特定の実施形態において、融合タンパク質は、構造（ａ）ＳＰ（ＭＥＷＳＷＶＦＬＦＦＬＳＶＴＴＧＶＨＳ、配列番号１４９）−ＨＩＳ ＴＡＧ−ＴＥＶ ＰＳ−ＩＤＳ−（ＥＡＡＡＫ）_３−ｐ９７または（ｂ）ＳＰ（ＭＥＷＳＷＶＦＬＦＦＬＳＶＴＴＧＶＨＳ、配列番号１４９）−ＨＩＳ ＴＡＧ−ＴＥＶ ＰＳ−ｐ９７−（ＥＡＡＡＫ）_３−ＩＤＳを含む。

ある特定の実施形態において、融合タンパク質は、構造（ａ）ＩＤＳ ＳＰ−ＨＩＳ ＴＡＧ−ＴＥＶ ＰＳ−ＩＤＳ−剛性Ｌ−ｐ９７または（ｂ）ｐ９７ ＳＰ−ＨＩＳ ＴＡＧ−ＴＥＶ ＰＳ−ｐ９７−剛性Ｌ−ＩＤＳを含む。

特定の実施形態において、融合タンパク質は、構造（ａ）ＩＤＳ ＳＰ−ＨＩＳ ＴＡＧ（１０個）−ＴＥＶ ＰＳ−ＩＤＳ−（ＥＡＡＡＫ）_３−ｐ９７（配列番号２９）または（ｂ）ｐ９７ ＳＰ−ＨＩＳ ＴＡＧ（１０個）−ＴＥＶ ＰＳ−ｐ９７−（ＥＡＡＡＫ）_３−ＩＤＳ（配列番号３０）を含む。

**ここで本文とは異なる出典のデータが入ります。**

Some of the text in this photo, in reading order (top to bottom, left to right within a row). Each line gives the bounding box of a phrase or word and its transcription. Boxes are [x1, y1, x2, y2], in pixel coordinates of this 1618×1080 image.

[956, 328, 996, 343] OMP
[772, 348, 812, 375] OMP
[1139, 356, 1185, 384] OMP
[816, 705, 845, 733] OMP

ある特定の実施形態において、ＩＤＳポリペプチドは、（ａ）配列番号３１〜３５に示されるアミノ酸配列、（ｂ）配列番号３１〜３５に示される配列と少なくとも９０％一致するアミノ酸配列、または（ｃ）約１〜５０アミノ酸の付加、置換、挿入、もしくは欠失で配列番号３１〜３５とは異なるアミノ酸配列を含むか、それからなるか、あるいはそれから本質的になる。一部の実施形態において、ＩＤＳポリペプチドは、配列番号３２または３３に示されるアミノ酸配列を含むか、それからなるか、あるいはそれから本質的になる。

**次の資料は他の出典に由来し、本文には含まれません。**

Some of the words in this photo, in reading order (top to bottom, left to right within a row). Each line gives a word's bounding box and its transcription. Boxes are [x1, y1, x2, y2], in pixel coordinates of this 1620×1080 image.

ある特定の実施形態において、ｐ９７ポリペプチドは、（ａ）配列番号１〜２８に示されるアミノ酸配列、（ｂ）配列番号１〜２８に示される配列と少なくとも９０％一致するアミノ酸配列、または（ｃ）約１〜５０アミノ酸の付加、置換、挿入、もしくは欠失で配列番号１〜２８とは異なるアミノ酸配列を含むか、それからなるか、あるいはそれから本質的になる。特定の実施形態において、ｐ９７ポリペプチドは、配列番号２（可溶性ヒトｐ９７）または配列番号１４もしくは１４８（ＭＴｆｐｅｐ）に示されるアミノ酸配列を含むか、それからなるか、あるいはそれから本質的になる。

ある特定の実施形態において、融合タンパク質は、（ａ）配列番号１３８〜１４２または２９〜３０に示されるアミノ酸配列、（ｂ）配列番号１３８〜１４２または２９〜３０に示される配列と少なくとも９０％一致するアミノ酸配列、あるいは（ｃ）約１〜５０アミノ酸の付加、置換、挿入、または欠失で配列番号１３８〜１４２または２９〜３０とは異なるアミノ酸配列を含むか、それからなるか、あるいはそれから本質的になる。特定の実施形態において、融合タンパク質は、配列番号１３８〜１４２または２９〜３０に示されるアミノ酸配列を含むか、それからなるか、あるいはそれから本質的になる。

本明細書に記載されるｐ９７融合タンパク質をコードする、単離ポリヌクレオチドもまた含まれる。一部の実施形態において、単離ポリヌクレオチドは、宿主細胞における発現のためにコドン最適化される。ある特定の実施形態において、宿主細胞は、哺乳動物細胞、昆虫細胞、酵母細胞、または細菌細胞である。特定の実施形態において、ポリヌクレオチドは、配列番号１４３〜１４７から選択される配列を含む。

一部の実施形態は、本明細書に記載される単離ポリヌクレオチドを含む組換え宿主細胞を含み、この単離ポリヌクレオチドは、１つ以上の調節エレメントと作動可能に連結される。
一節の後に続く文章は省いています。